╭─ Dataset records

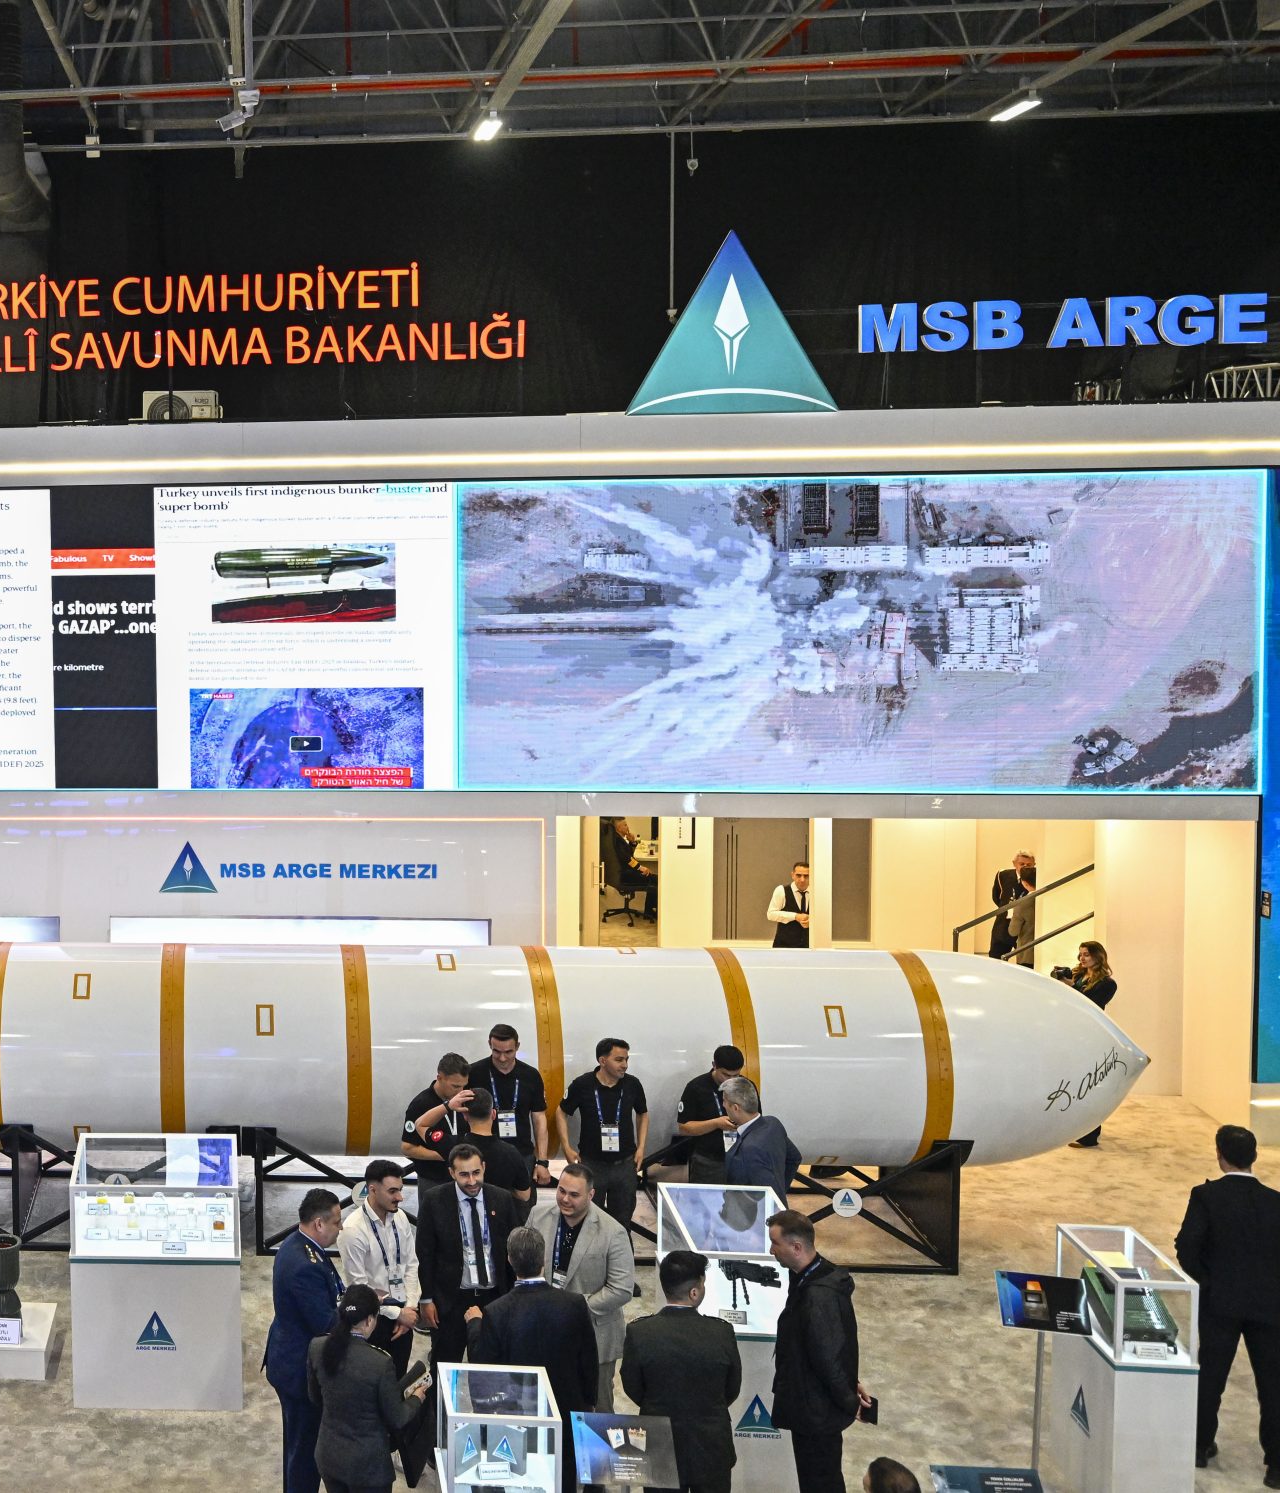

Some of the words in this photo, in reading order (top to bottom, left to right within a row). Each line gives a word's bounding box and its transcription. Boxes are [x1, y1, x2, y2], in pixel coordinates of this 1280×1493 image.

[113, 261, 420, 318] CUMHURİYETİ
[858, 299, 1024, 353] MSB
[1046, 293, 1268, 348] ARGE
[51, 325, 271, 372] SAVUNMA
[283, 313, 525, 365] BAKANLIĞI
[157, 488, 199, 499] Turkey
[202, 487, 243, 497] unveils
[245, 486, 268, 496] first
[271, 486, 335, 497] indigenous
[425, 484, 447, 493] and
[2, 585, 37, 593] powerful
[68, 601, 117, 615] shows
[220, 864, 265, 878] MSB
[273, 863, 332, 878] ARGE
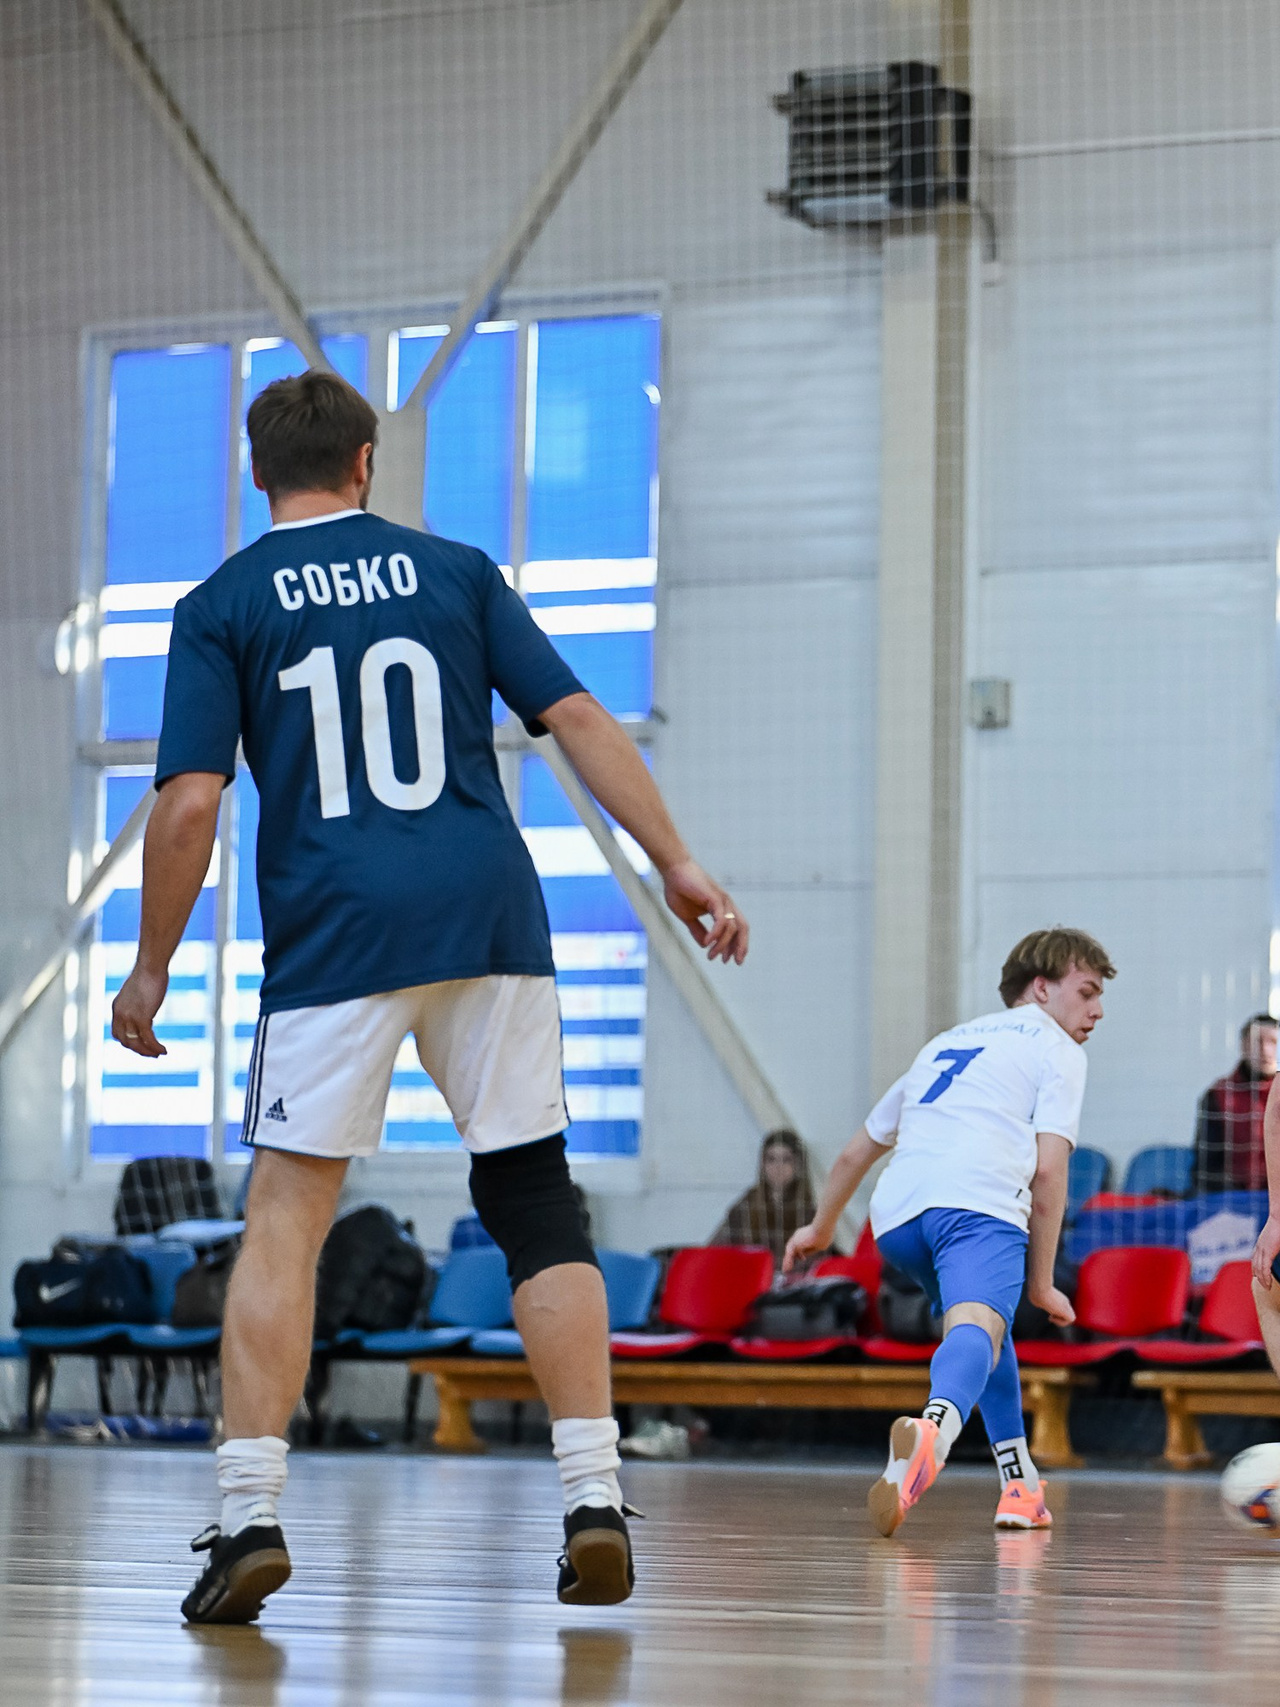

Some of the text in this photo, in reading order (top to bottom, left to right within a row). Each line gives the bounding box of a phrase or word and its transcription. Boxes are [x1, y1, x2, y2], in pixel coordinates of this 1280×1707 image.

[273, 553, 418, 611] СОБКО
[278, 637, 447, 819] 10
[918, 1047, 985, 1104] 7

╰─

Task description: The images are to be left out; every line above should be set down exactly.

Result of the task:
Some of the words in this photo, in reading order (top to bottom, left to right within a row). Each line gives a word's bounding box and its transcription. Boxes are [x1, y1, x2, y2], in pixel coordinates of this 1280×1493 image.

[113, 261, 420, 318] CUMHURİYETİ
[858, 299, 1024, 353] MSB
[1046, 293, 1268, 348] ARGE
[51, 325, 271, 372] SAVUNMA
[283, 313, 525, 365] BAKANLIĞI
[157, 488, 199, 499] Turkey
[202, 487, 243, 497] unveils
[245, 486, 268, 496] first
[271, 486, 335, 497] indigenous
[425, 484, 447, 493] and
[2, 585, 37, 593] powerful
[68, 601, 117, 615] shows
[220, 864, 265, 878] MSB
[273, 863, 332, 878] ARGE

Some of the text in this photo, in reading order (top to bottom, left to right within a row). Each line gives the bounding box of a phrase or word and its transcription. Boxes are [x1, y1, x2, y2], in pixel coordinates of this 1280×1707 image.

[273, 553, 418, 611] СОБКО
[278, 637, 447, 819] 10
[918, 1047, 985, 1104] 7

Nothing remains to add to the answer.